* **EXERCISE DESCRIPTION**: Would you reproduce the data below exactly, please, leaving out its images?

* **DATA FOR PROCESSING**:
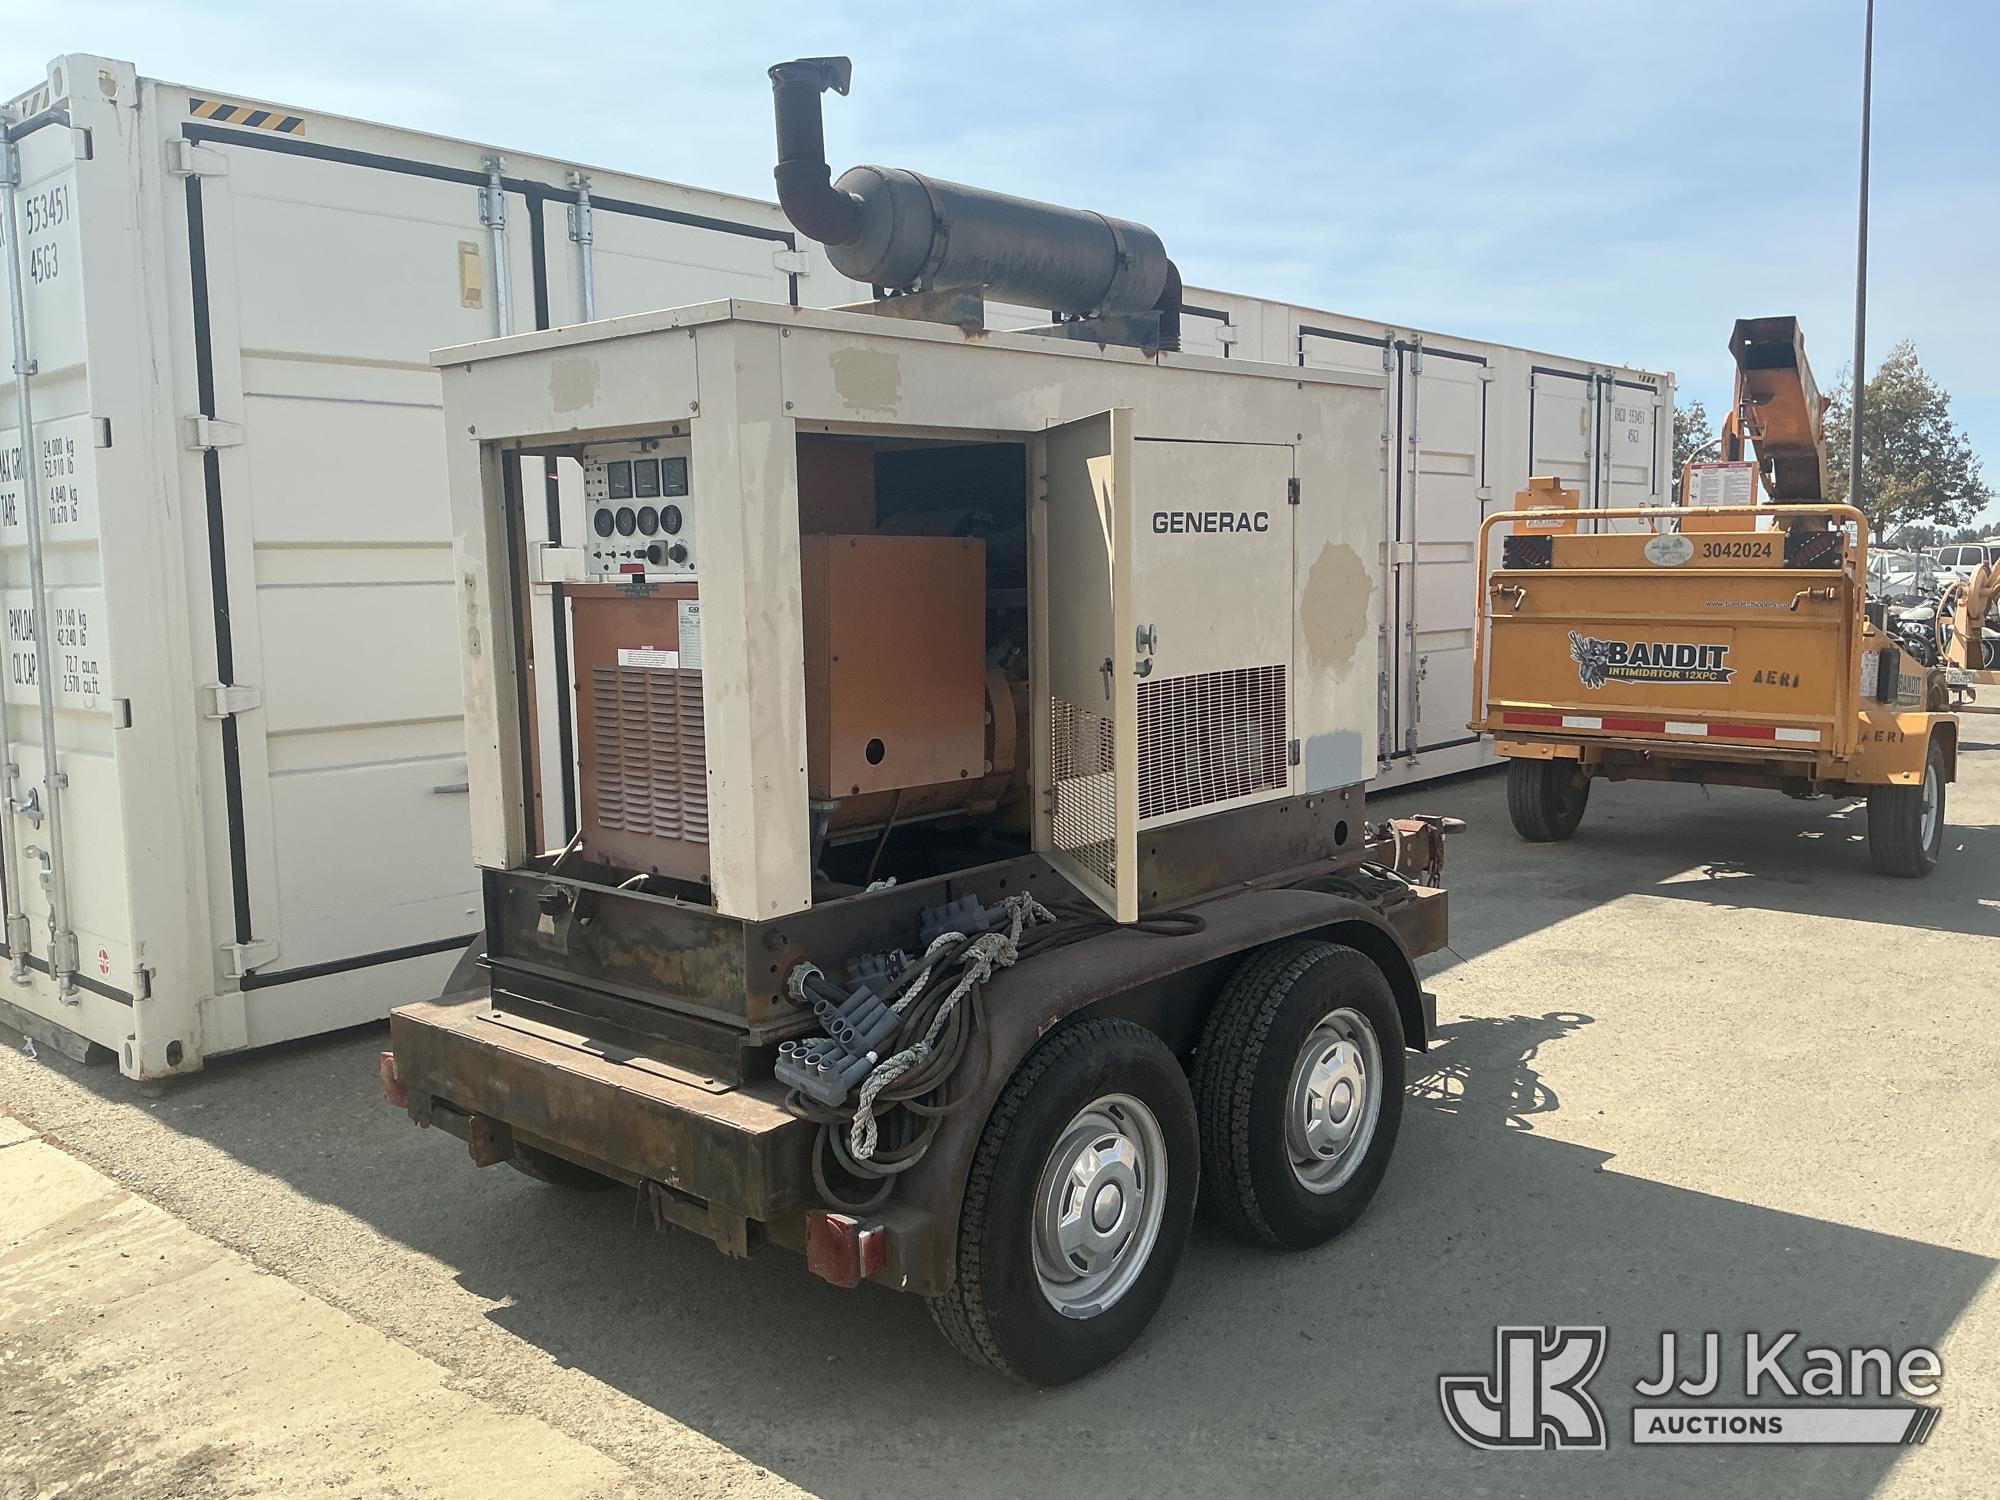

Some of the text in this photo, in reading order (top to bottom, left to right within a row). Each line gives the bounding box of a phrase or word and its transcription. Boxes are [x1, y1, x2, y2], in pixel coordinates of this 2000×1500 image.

[26, 184, 70, 235] 553451
[31, 242, 59, 285] 45G3
[65, 435, 75, 458] kg
[67, 457, 74, 475] lb
[69, 483, 78, 506] kg
[0, 493, 18, 527] TARE
[71, 504, 78, 522] lb
[1152, 511, 1269, 534] GENERAC
[1703, 542, 1772, 558] 3042024
[9, 608, 36, 641] PAYLOA
[78, 608, 87, 631] kg
[80, 628, 87, 646] lb
[65, 654, 78, 673] 72.7
[1607, 641, 1729, 670] BANDIT
[1608, 666, 1717, 680] INTIMIDATOR 12XPC
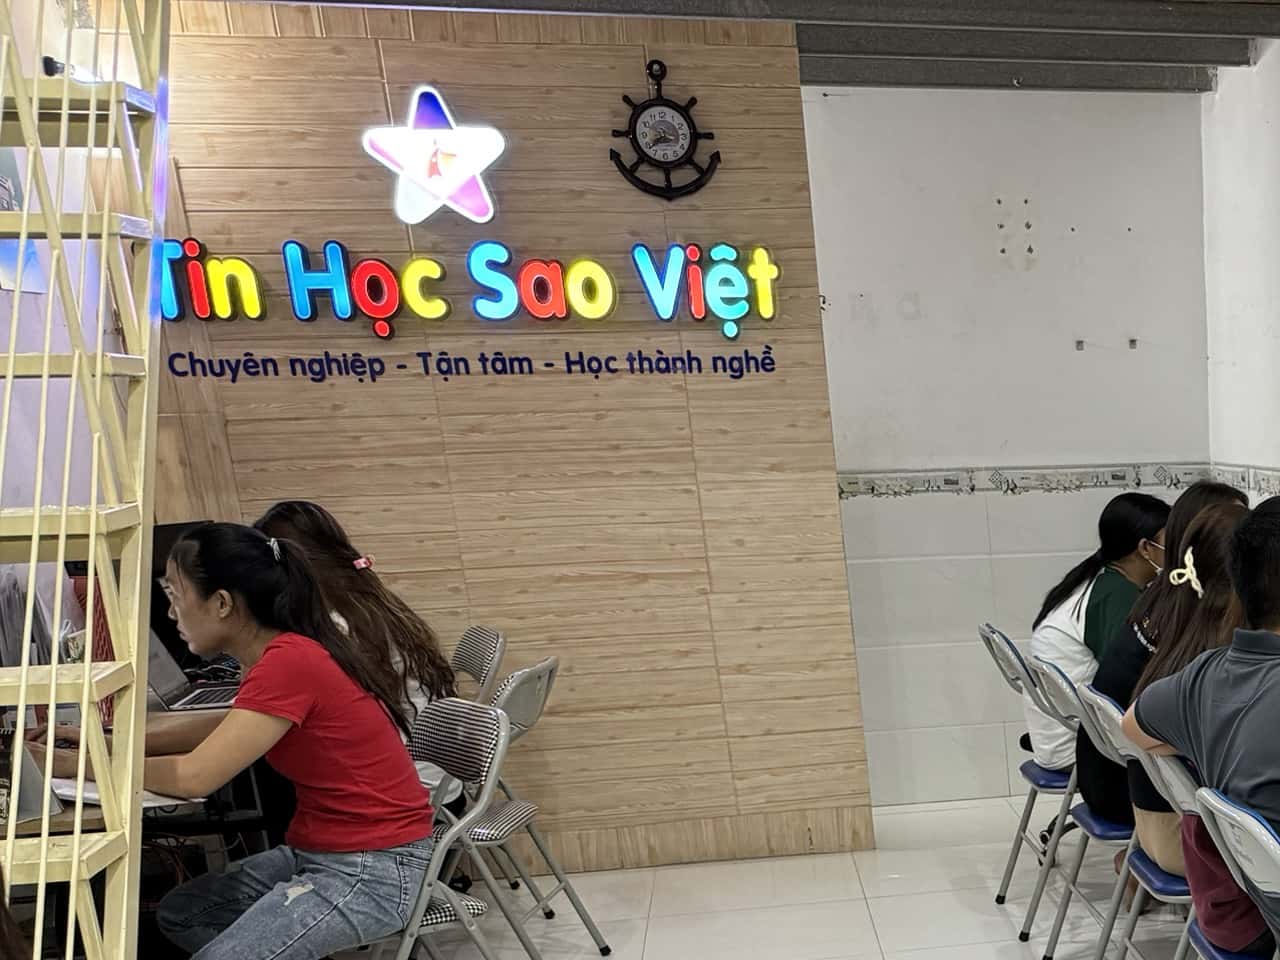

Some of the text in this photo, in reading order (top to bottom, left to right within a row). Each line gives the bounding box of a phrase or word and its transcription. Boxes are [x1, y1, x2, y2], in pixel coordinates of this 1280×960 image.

[160, 238, 782, 340] Tin Học Sao Việt
[168, 351, 279, 383] Chuyên
[289, 351, 386, 383] nghiệp
[416, 351, 471, 382] Tận
[478, 351, 534, 375] tâm
[564, 351, 619, 380] Học
[626, 349, 703, 375] thành
[712, 344, 777, 380] nghề
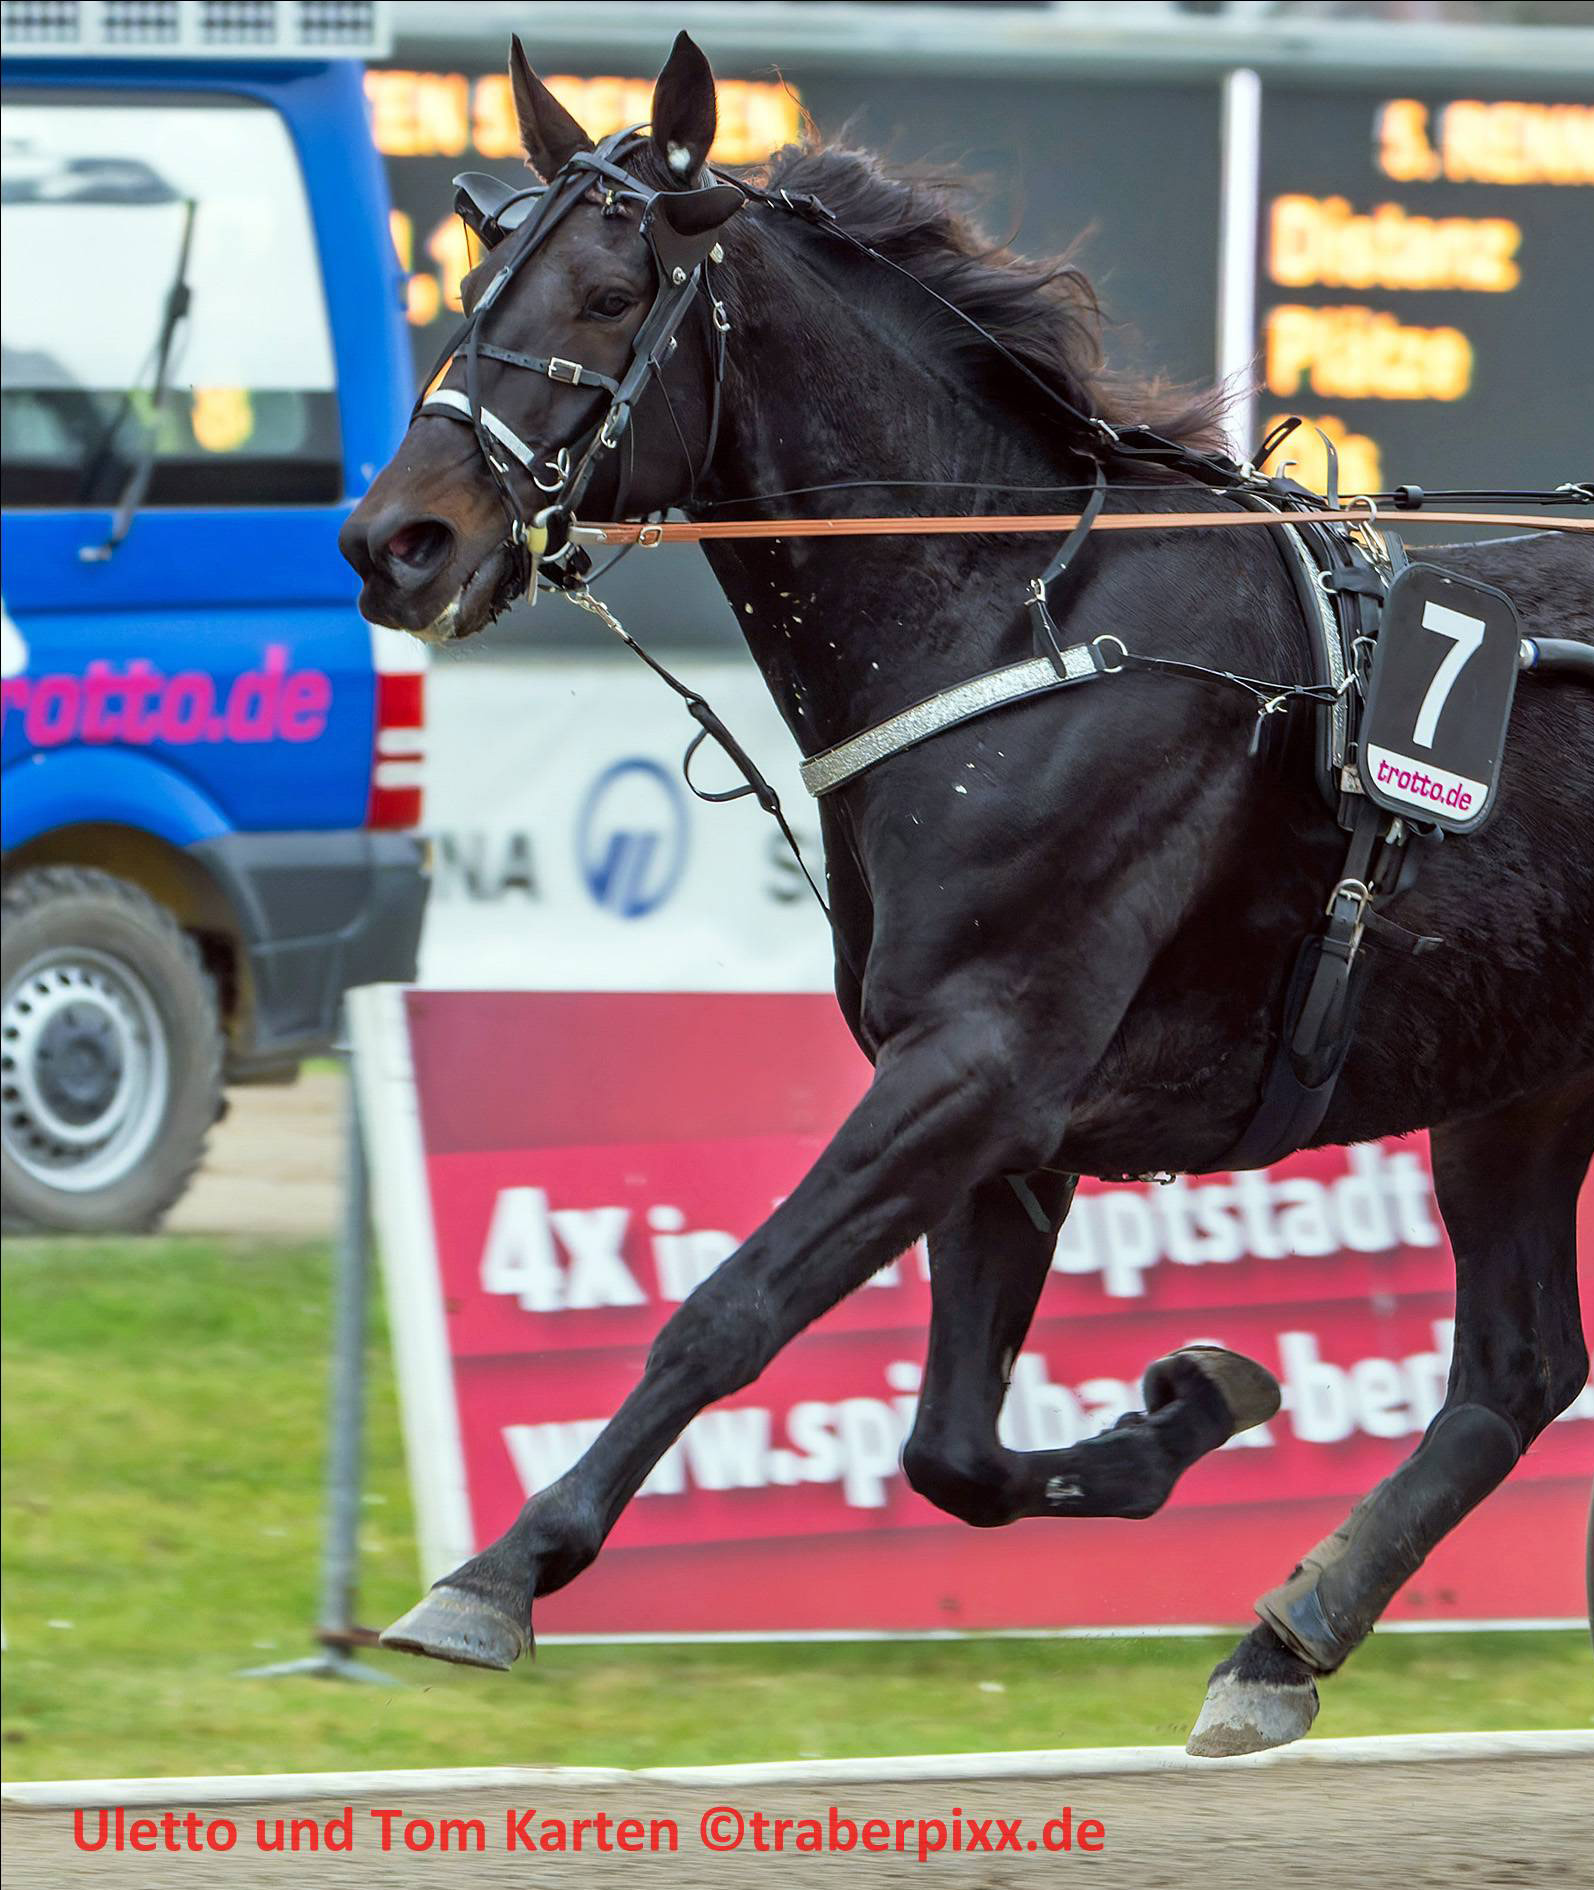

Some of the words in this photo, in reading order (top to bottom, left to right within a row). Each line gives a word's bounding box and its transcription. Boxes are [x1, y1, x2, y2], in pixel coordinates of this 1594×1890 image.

[1267, 193, 1522, 292] Distanz
[1412, 600, 1487, 750] 7
[1376, 759, 1473, 811] trotto.de
[477, 1185, 649, 1313] 4x

* **TASK RESPONSE**:
Some of the text in this photo, in reading order (top to bottom, left to right within a row). Each line gives the bounding box of a phrase or word and its transcription. Boxes are [x1, y1, x2, y2], in pixel coordinates of this 2000×1500 image.

[26, 184, 70, 235] 553451
[31, 242, 59, 285] 45G3
[65, 435, 75, 458] kg
[67, 457, 74, 475] lb
[69, 483, 78, 506] kg
[0, 493, 18, 527] TARE
[71, 504, 78, 522] lb
[1152, 511, 1269, 534] GENERAC
[1703, 542, 1772, 558] 3042024
[9, 608, 36, 641] PAYLOA
[78, 608, 87, 631] kg
[80, 628, 87, 646] lb
[65, 654, 78, 673] 72.7
[1607, 641, 1729, 670] BANDIT
[1608, 666, 1717, 680] INTIMIDATOR 12XPC

Some of the text in this photo, in reading order (top to bottom, left to right within a row). Each line gives the bounding box of a phrase or word and its transcription. Boxes are [x1, y1, x2, y2], in pixel coordinates of this 1280×960 image.

[160, 238, 782, 340] Tin Học Sao Việt
[168, 351, 279, 383] Chuyên
[289, 351, 386, 383] nghiệp
[416, 351, 471, 382] Tận
[478, 351, 534, 375] tâm
[564, 351, 619, 380] Học
[626, 349, 703, 375] thành
[712, 344, 777, 380] nghề

Some of the words in this photo, in reading order (top to bottom, left to right within a row). Each line gives a word's bounding box and its transcription. Boxes are [x1, y1, x2, y2], in pixel coordinates of this 1594×1890 image.

[1267, 193, 1522, 292] Distanz
[1412, 600, 1487, 750] 7
[1376, 759, 1473, 811] trotto.de
[477, 1185, 649, 1313] 4x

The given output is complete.